De verarming van het spel – Training als conditionering

De verarming van het spel – Training als conditionering

Over hoe systemen het instinct temmen 

(en waarom dat niet altijd goed is)

De verarming van het spel – Training als conditionering

“Wie alleen traint op het juiste antwoord, leert niets over de vraag.”

Spel is variatie. Spel is improvisatie. Spel is leven. Maar de manier waarop we tegenwoordig trainen, vooral in vechtsporten, lijkt alles te doen om dat leven eruit te persen. Wat overblijft is een gedresseerd organisme dat met Pavloviaanse precisie reageert op standaardsignalen, binnen een strak keurslijf van regels, routines en rituelen. Geen vechter meer, maar een soort lichamelijke automaat. Reageert snel, denkt niet. Beweegt efficiënt, maar niet effectief. Herhaalt, maar improviseert niet.

We noemen het training. Maar het is conditionering. Een verarming van het spel tot schema, model, stijl.

Van spelen naar programmeren

In mijn oorspronkelijke tekst noem ik het: vechters leren standaardantwoorden te geven op standaardvragen — en wachten vervolgens passief tot precies die vraag gesteld wordt. Maar als de vraag uitblijft, zijn ze verloren. Want het vermogen om zelf een nieuwe vraag te stellen — dat is hen niet aangeleerd. Dat is weggefilterd.

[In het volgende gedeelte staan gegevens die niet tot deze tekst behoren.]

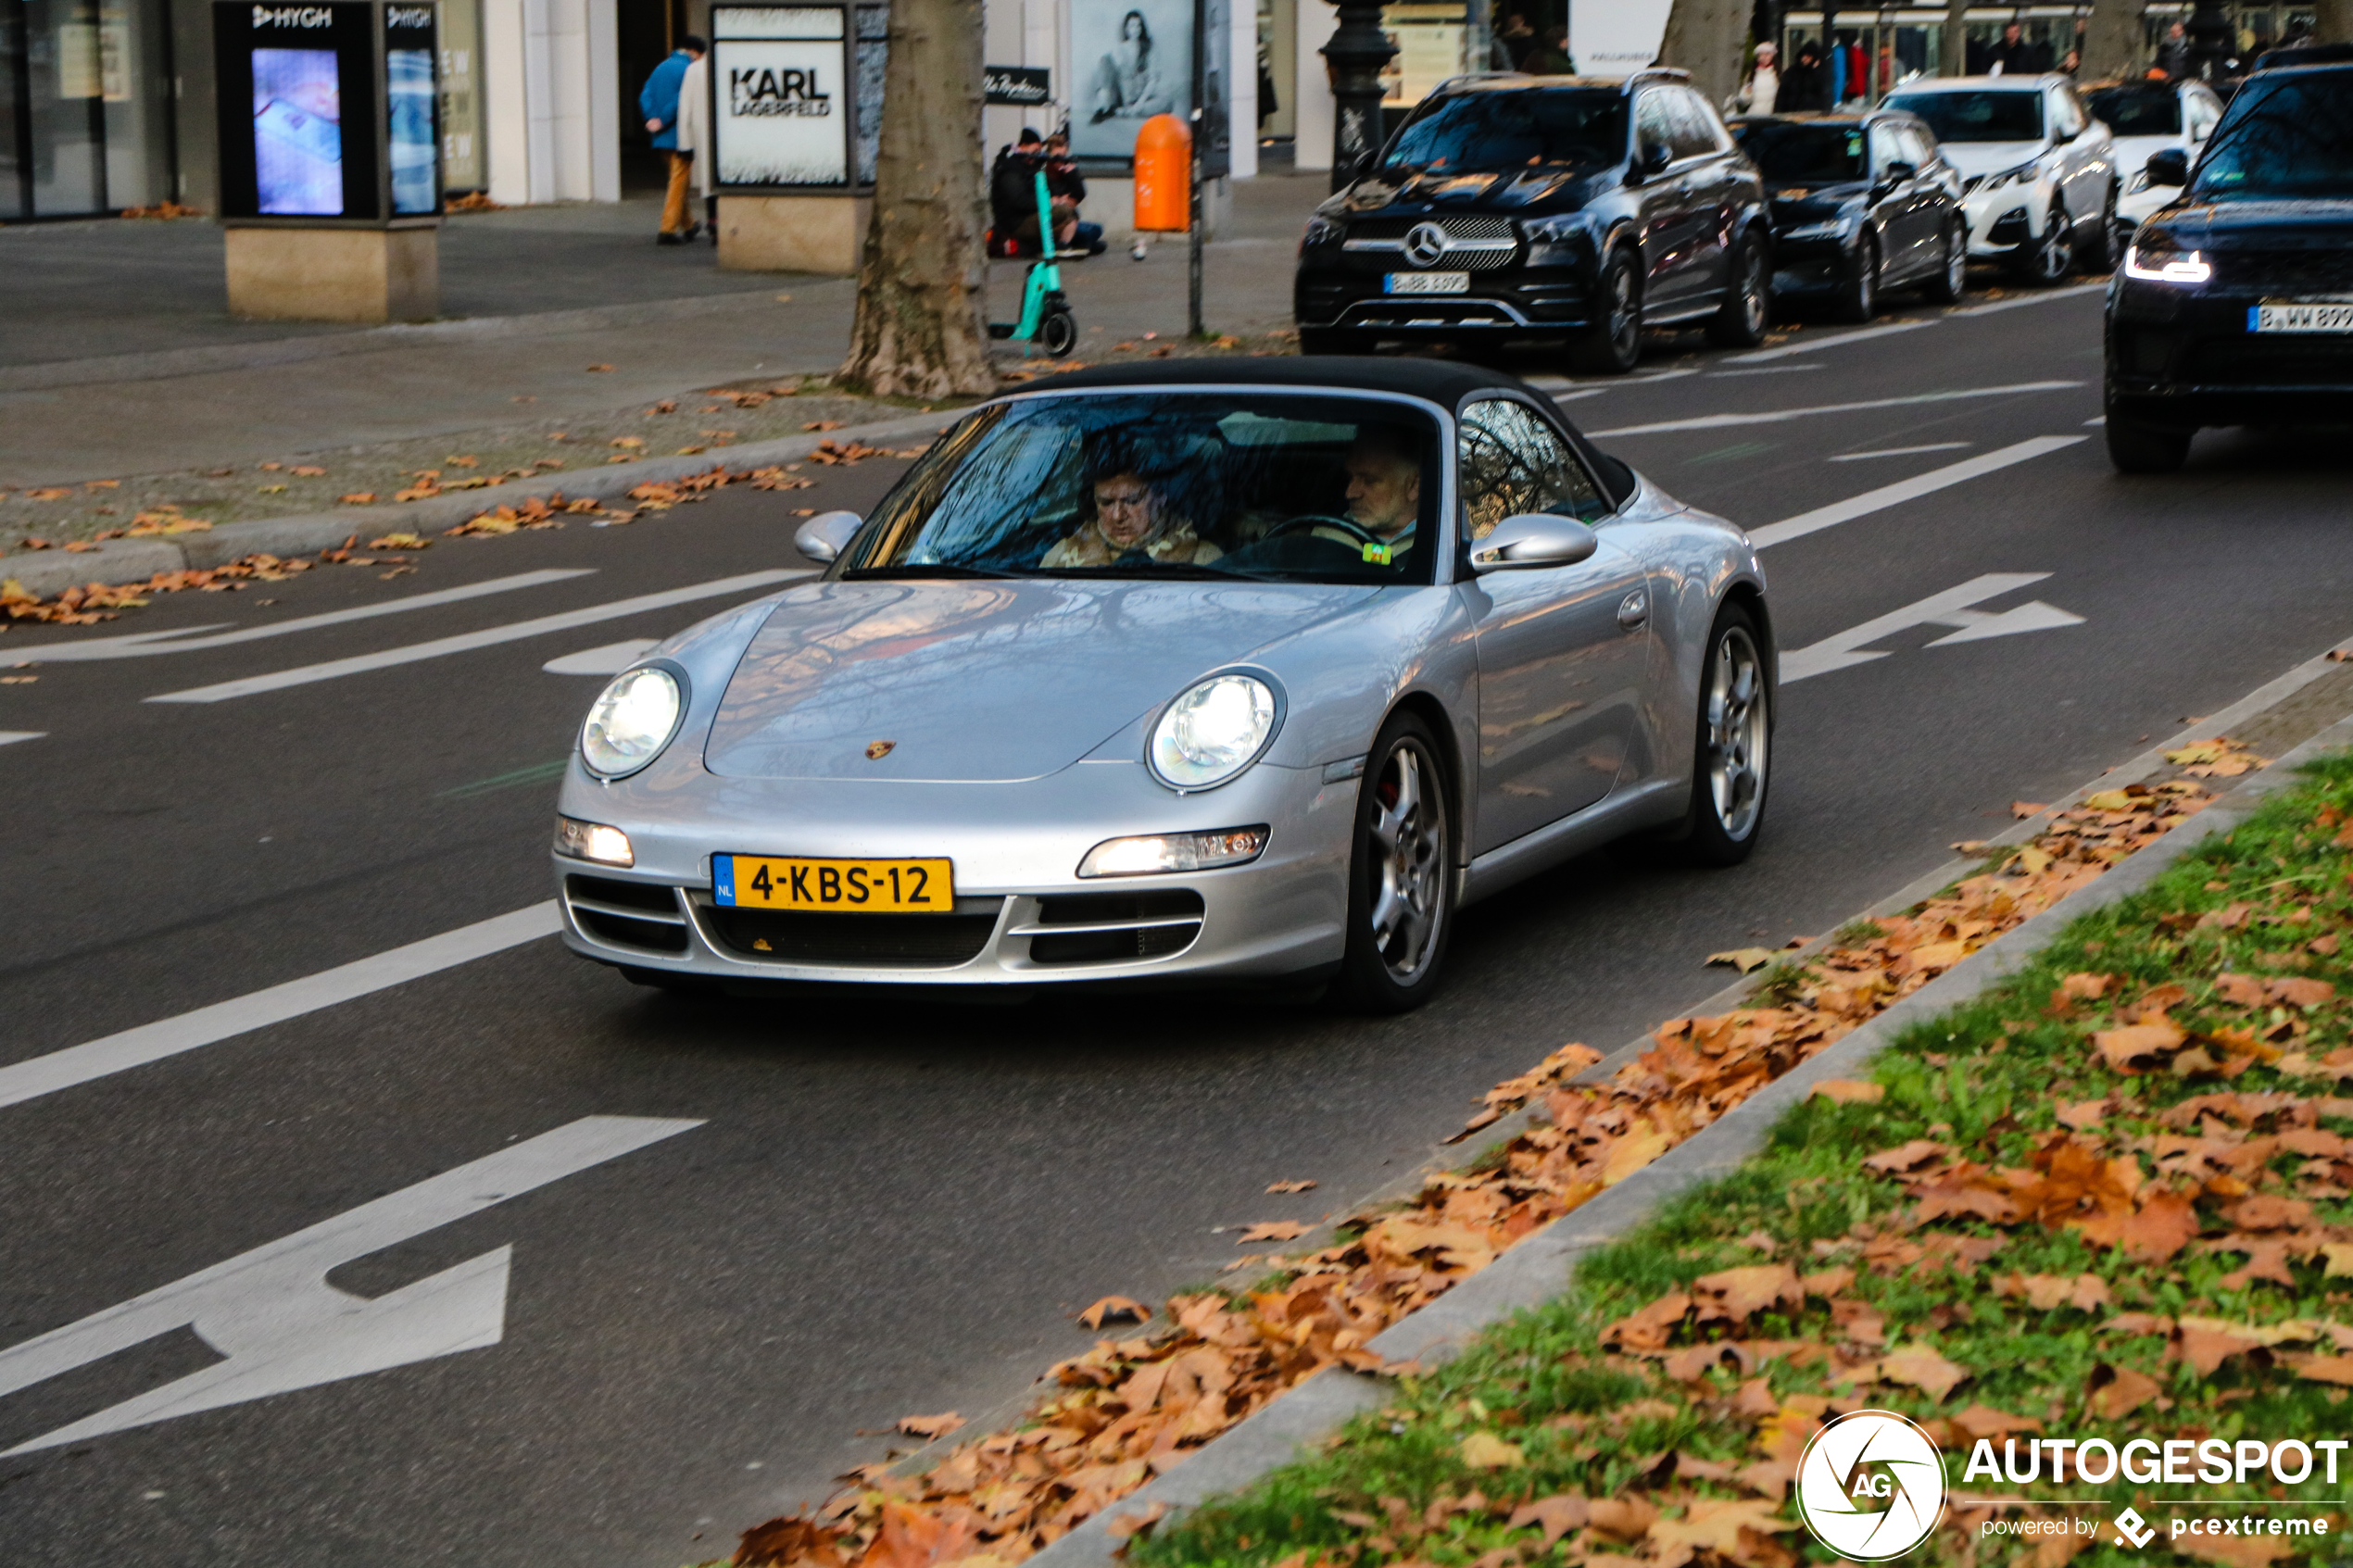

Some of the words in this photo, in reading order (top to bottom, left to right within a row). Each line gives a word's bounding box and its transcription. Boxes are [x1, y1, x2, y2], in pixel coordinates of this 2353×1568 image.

[273, 6, 333, 29] HYGH
[398, 6, 432, 29] HYGH
[441, 49, 470, 76] EW
[731, 68, 830, 100] KARL
[731, 100, 831, 118] LAGERFELD
[444, 132, 472, 160] EW
[2260, 307, 2272, 328] B
[2285, 307, 2314, 328] WW
[718, 884, 733, 898] NL
[750, 864, 931, 904] 4-KBS-12

Geconditioneerd.

Wat we dus feitelijk doen: we trainen op zekerheid, niet op adaptiviteit. En dat is een fatale fout. Zoals Bernstein (1967) stelde: vaardigheid is geen reproductie, maar variatie. Je leert niet door iets 10.000 keer hetzelfde te doen, maar door het in 10.000 verschillende contexten nét anders te doen. Alleen dan ontstaat robuustheid. Alleen dan ontstaat intuïtie.

Van vechter naar gedrild object

De reden voor deze verarming is simpel: modellen zijn hanteerbaar. Schema’s zijn overdraagbaar. Stijlen zijn verkoopbaar. En dus bouwen we systemen die uitgaan van lineaire overdracht: techniek A leidt tot resultaat B, mits uitgevoerd volgens protocol C. De sporter wordt een gebruiker van templates. Geen denken, geen waarnemen, geen interpreteren. Alleen uitvoeren.

Schmidt’s (1975) schema theory werd bedoeld om dit te ondervangen: hij toonde aan dat het brein niet bewegingen opslaat, maar regels over bewegingen — generalisaties. Maar in plaats van die generalisaties te trainen via variatie, gleden veel trainers af in exacte reproductie. Een soort motorisch drillen, waarbij het lichaam slechts een verlengstuk is van het model.

Wat verloren gaat? Spontaniteit. Improvisatie. Creativiteit. En uiteindelijk: effectiviteit. Want zodra de tegenstander zich buiten jouw schema beweegt, valt alles in duigen.

De angst voor chaos

Waarom houden we zo vast aan modellen? Omdat chaos beangstigt. Omdat het onbekende ongemakkelijk is. En dus reduceren we complexiteit tot behapbare instructies. Zoals jij al stelde: de mens is onbekwaam of onwillig om dewerkelijkheid te zien voor wat zij is. Liever creëren we een eigen, door regels gestructureerde werkelijkheid — overzichtelijk, begrijpelijk, maar vals. En, belangrijker: ineffectief in situaties die juist om adaptiviteit vragen.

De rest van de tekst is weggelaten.